2. Implementation: how do we teach what we teach?

  • Explain (in a table if most helpful) the curriculum hours/allocation/choice within the subject and the organisation of pupil work (e.g. ex books/folders/online etc)
  • How many teachers are subject specialists? What training related to the curriculum in the six months to two years. Has there been any subject specific training for staff in your subject? How are non-specialist staff supported and consistency and quality of curriculum implementation assured?
  • How do you ensure access for pupils/learners who have low prior attainment, including their basic skills such as reading?
  • How does the curriculum meet the needs of all pupils/learners – particularly disadvantaged learners and learners who have additional needs/SEND.
  • How well is the planned curriculum implemented? What checks do you make and what changes have you made as a result of your checks?
  • How well does output match to the planned progression? Is planned progression evident?
  • How well are resources used to support the curriculum? Do all pupils/learners have access to appropriate resources?

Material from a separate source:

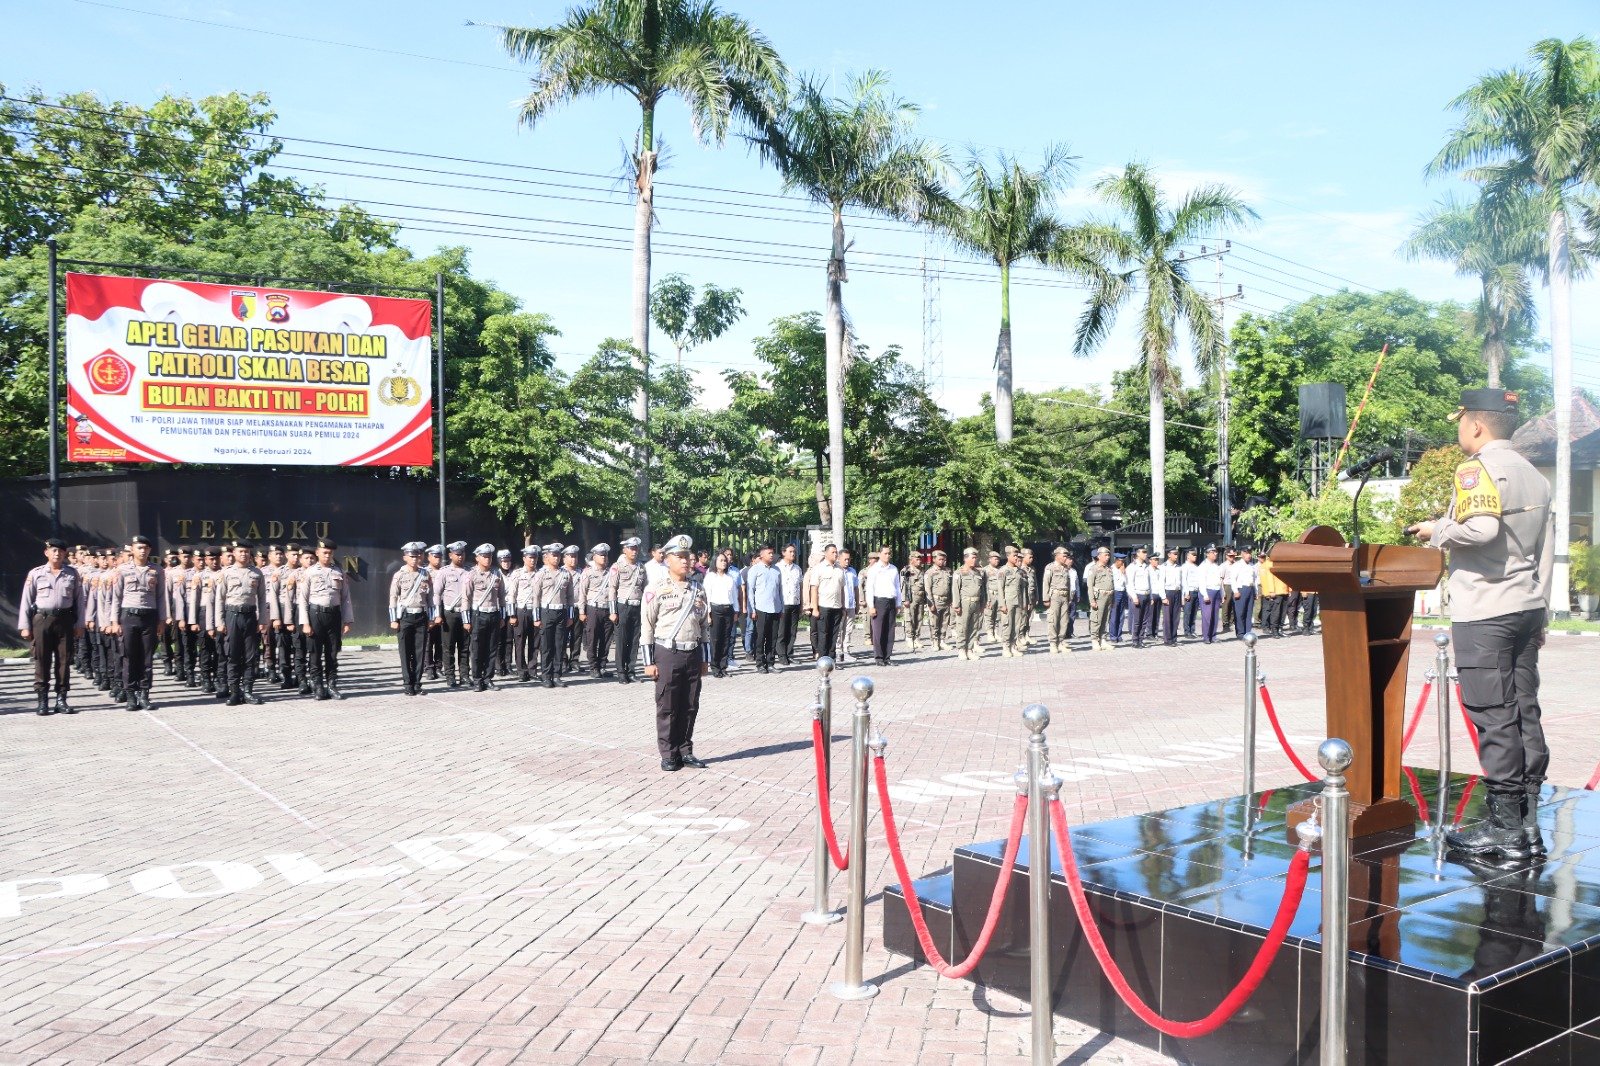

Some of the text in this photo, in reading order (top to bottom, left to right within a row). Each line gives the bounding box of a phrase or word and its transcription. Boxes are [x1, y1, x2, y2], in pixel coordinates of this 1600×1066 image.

Hours of Teaching per week per year

Number of Teachers

Teacher Experience (# yrs teaching subject)

Examiner expertise

Organisation of work





1-year AQA examiner experience

All work in folders and work packs. HW, assessment and PW found in folders. Consolidation in exercise books



In psychology, there has been one teacher leading the subject for one full academic year. This teacher is an experienced practitioner and an examiner for the AQA exam board, which is taught. There is only one teacher of the subject and there would therefore be a risk if the subject specialist left the school. The curriculum is fully planned with LTP and MTPs and a large body of lesson-by-lesson resources. While MTPs could be more detailed, all individual lessons have a teaching PowerPoint, and accompanying resources with homework’s and pre-works built in and there is an extensive bank of revision resources. The curriculum is designed to initially start teaching the approaches section of the course, although not the starting point of the syllabus, the approaches underpin the whole of psychology so without a level of understanding this unit, it would be difficult to build additional knowledge. This is also taught alongside some maths skills as 10% of the new A level course is mathematical content, so students understanding this, and teachers knowing the students understanding of statistics is crucial. All lessons have key elements of model presentation, real-world application and student practice, often to exam questions. Prework and ‘do nows’ are used as opportunities to expose students to wider reading, but also comprehension and prior lesson recall. In year 12, students are taught paper one topics, followed by paper two topics. In year 13, students are taught paper 3 topics. This is done so that students can develop their skills and understanding of the more basic topics before progressing onto the units where a deeper psychological understanding is needed.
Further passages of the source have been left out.